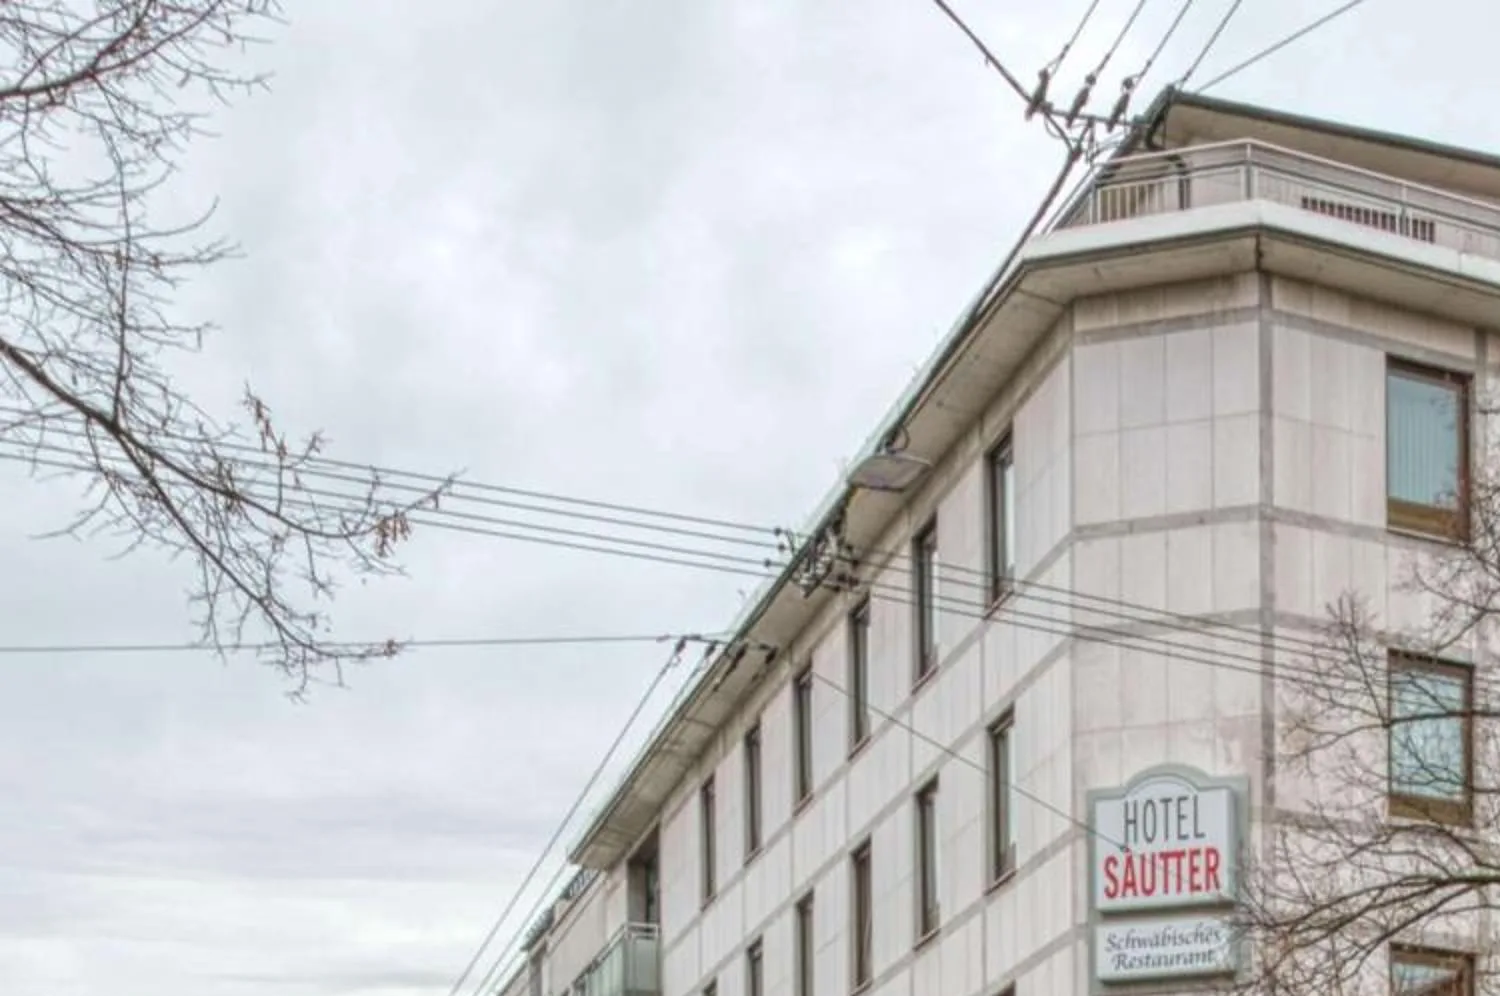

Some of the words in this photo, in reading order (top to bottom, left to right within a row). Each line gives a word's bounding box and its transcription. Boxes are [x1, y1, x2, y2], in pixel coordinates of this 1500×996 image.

[1123, 794, 1206, 845] HOTEL
[1103, 847, 1220, 899] SAUTTER
[1111, 949, 1216, 971] Restaurant
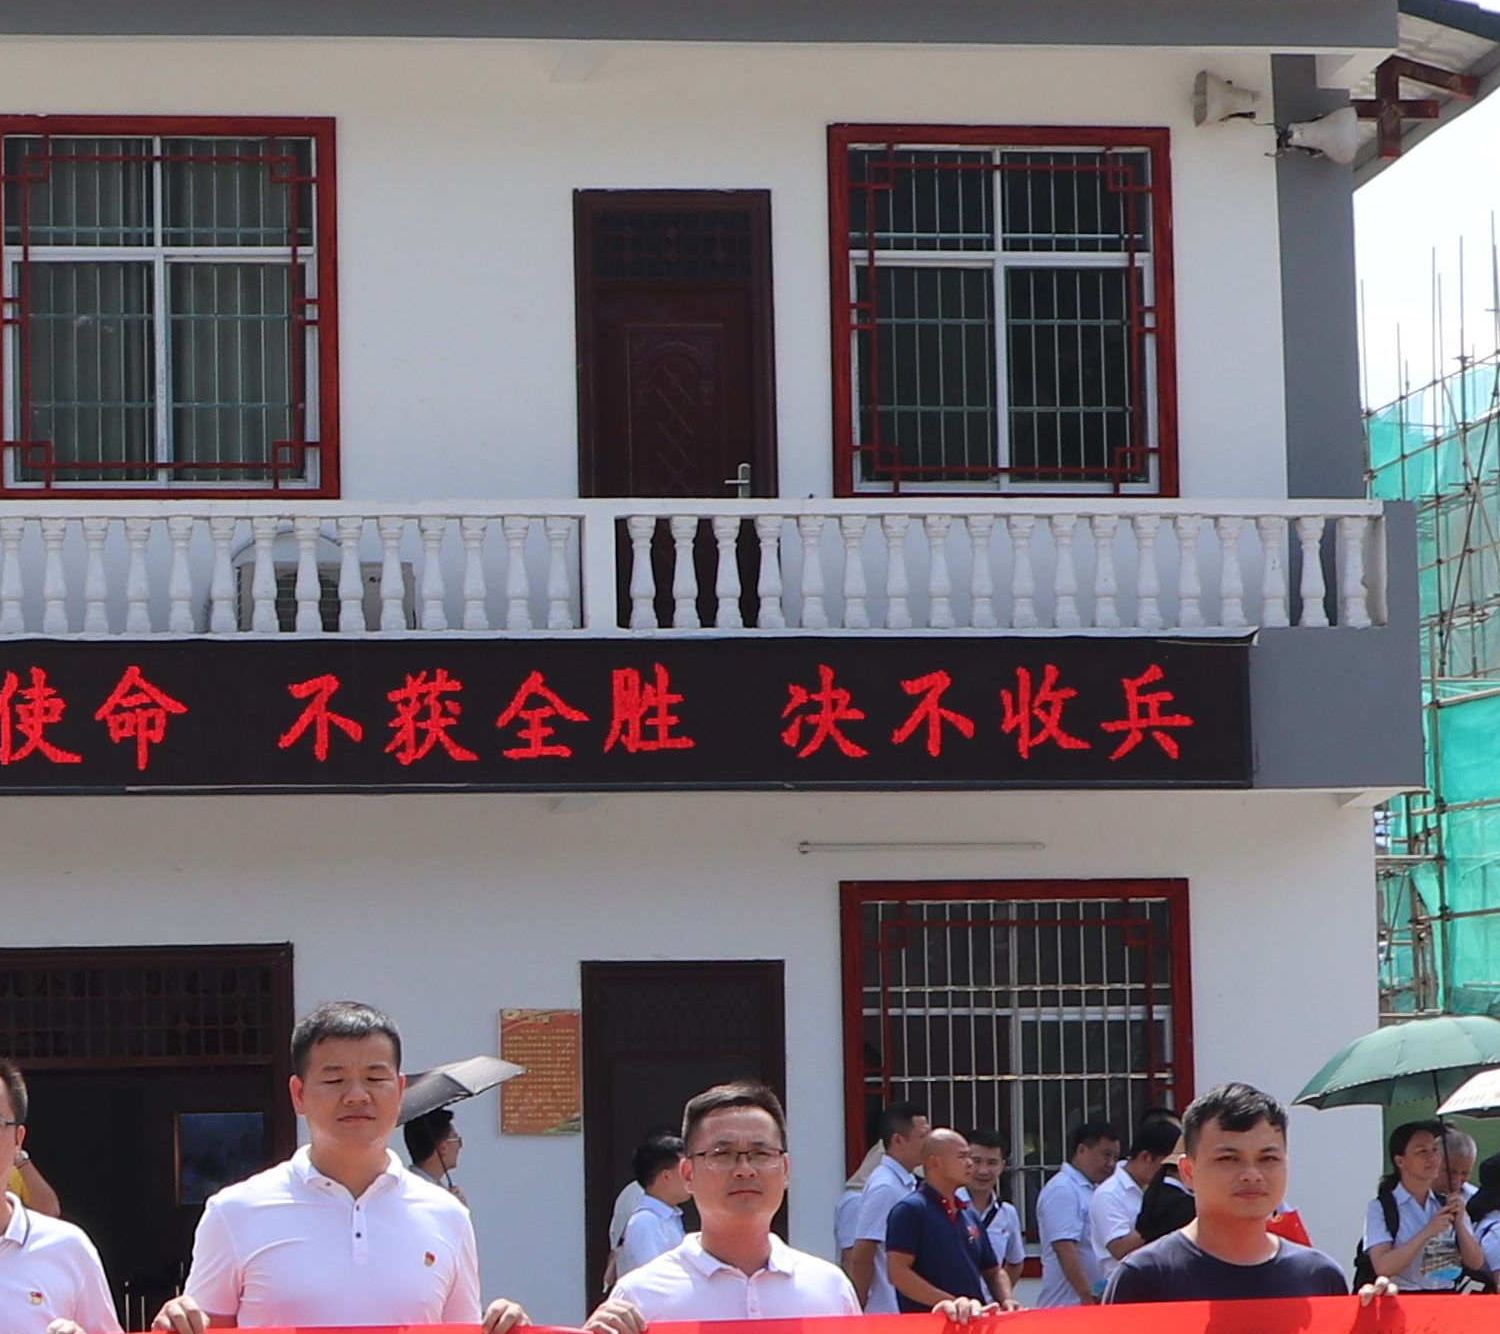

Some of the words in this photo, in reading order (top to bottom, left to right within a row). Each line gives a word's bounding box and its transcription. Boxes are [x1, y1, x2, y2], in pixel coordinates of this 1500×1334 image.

[278, 663, 695, 767] 不获全胜
[781, 663, 1194, 761] 决不收兵
=======
WHAT YOU WILL DO: Pictures stay out. Write out everything else in the material exactly.

EXERCISE RESULT:
Some of the words in this photo, in reading order (top to bottom, left to right within a row). Each line gives a word's bounding box and its transcription. Boxes are [x1, y1, x2, y2], in pixel coordinates of this 1500×996 image.

[1123, 794, 1206, 845] HOTEL
[1103, 847, 1220, 899] SAUTTER
[1111, 949, 1216, 971] Restaurant

Some of the words in this photo, in reading order (top to bottom, left to right within a row). Each line gives a word's bounding box and its transcription. Boxes are [x1, y1, x2, y2], in pixel coordinates of this 1500×1334 image.

[278, 663, 695, 767] 不获全胜
[781, 663, 1194, 761] 决不收兵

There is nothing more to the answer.